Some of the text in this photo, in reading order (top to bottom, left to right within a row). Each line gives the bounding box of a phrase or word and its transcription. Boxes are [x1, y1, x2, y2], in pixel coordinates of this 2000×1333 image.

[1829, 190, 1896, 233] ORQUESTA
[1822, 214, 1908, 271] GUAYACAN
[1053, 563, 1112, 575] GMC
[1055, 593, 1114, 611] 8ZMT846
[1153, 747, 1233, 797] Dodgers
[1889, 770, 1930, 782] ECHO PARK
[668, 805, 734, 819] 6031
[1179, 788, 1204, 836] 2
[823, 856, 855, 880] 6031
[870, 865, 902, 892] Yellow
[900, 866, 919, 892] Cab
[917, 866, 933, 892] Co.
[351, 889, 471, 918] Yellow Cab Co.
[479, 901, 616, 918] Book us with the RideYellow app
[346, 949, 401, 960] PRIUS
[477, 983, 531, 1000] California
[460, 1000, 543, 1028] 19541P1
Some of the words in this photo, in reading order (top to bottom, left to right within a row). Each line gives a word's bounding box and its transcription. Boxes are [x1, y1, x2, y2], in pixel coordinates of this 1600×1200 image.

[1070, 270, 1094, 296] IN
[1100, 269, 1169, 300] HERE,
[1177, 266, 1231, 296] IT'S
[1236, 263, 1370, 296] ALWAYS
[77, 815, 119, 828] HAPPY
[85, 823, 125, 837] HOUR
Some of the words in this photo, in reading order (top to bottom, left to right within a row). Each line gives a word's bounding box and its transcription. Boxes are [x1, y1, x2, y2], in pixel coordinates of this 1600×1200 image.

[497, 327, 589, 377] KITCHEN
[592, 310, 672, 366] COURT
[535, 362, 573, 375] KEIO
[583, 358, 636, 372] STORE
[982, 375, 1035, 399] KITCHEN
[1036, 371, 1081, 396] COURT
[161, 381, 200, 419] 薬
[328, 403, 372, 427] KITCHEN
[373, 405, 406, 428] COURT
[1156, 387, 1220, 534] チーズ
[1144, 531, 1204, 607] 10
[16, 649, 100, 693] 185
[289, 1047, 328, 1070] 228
......
§ **WHAT IS BEING ASKED**: Print every line of the material above exactly.

§ **TASK RESULT**:
Some of the text in this photo, in reading order (top to bottom, left to right within a row). Each line gives the bounding box of a phrase or word and its transcription. Boxes are [x1, y1, x2, y2], in pixel coordinates of this 2000×1333 image.

[1829, 190, 1896, 233] ORQUESTA
[1822, 214, 1908, 271] GUAYACAN
[1053, 563, 1112, 575] GMC
[1055, 593, 1114, 611] 8ZMT846
[1153, 747, 1233, 797] Dodgers
[1889, 770, 1930, 782] ECHO PARK
[668, 805, 734, 819] 6031
[1179, 788, 1204, 836] 2
[823, 856, 855, 880] 6031
[870, 865, 902, 892] Yellow
[900, 866, 919, 892] Cab
[917, 866, 933, 892] Co.
[351, 889, 471, 918] Yellow Cab Co.
[479, 901, 616, 918] Book us with the RideYellow app
[346, 949, 401, 960] PRIUS
[477, 983, 531, 1000] California
[460, 1000, 543, 1028] 19541P1
Some of the words in this photo, in reading order (top to bottom, left to right within a row). Each line gives a word's bounding box and its transcription. Boxes are [x1, y1, x2, y2], in pixel coordinates of this 1600×1200 image.

[1070, 270, 1094, 296] IN
[1100, 269, 1169, 300] HERE,
[1177, 266, 1231, 296] IT'S
[1236, 263, 1370, 296] ALWAYS
[77, 815, 119, 828] HAPPY
[85, 823, 125, 837] HOUR
Some of the words in this photo, in reading order (top to bottom, left to right within a row). Each line gives a word's bounding box and its transcription. Boxes are [x1, y1, x2, y2], in pixel coordinates of this 1600×1200 image.

[497, 327, 589, 377] KITCHEN
[592, 310, 672, 366] COURT
[535, 362, 573, 375] KEIO
[583, 358, 636, 372] STORE
[982, 375, 1035, 399] KITCHEN
[1036, 371, 1081, 396] COURT
[161, 381, 200, 419] 薬
[328, 403, 372, 427] KITCHEN
[373, 405, 406, 428] COURT
[1156, 387, 1220, 534] チーズ
[1144, 531, 1204, 607] 10
[16, 649, 100, 693] 185
[289, 1047, 328, 1070] 228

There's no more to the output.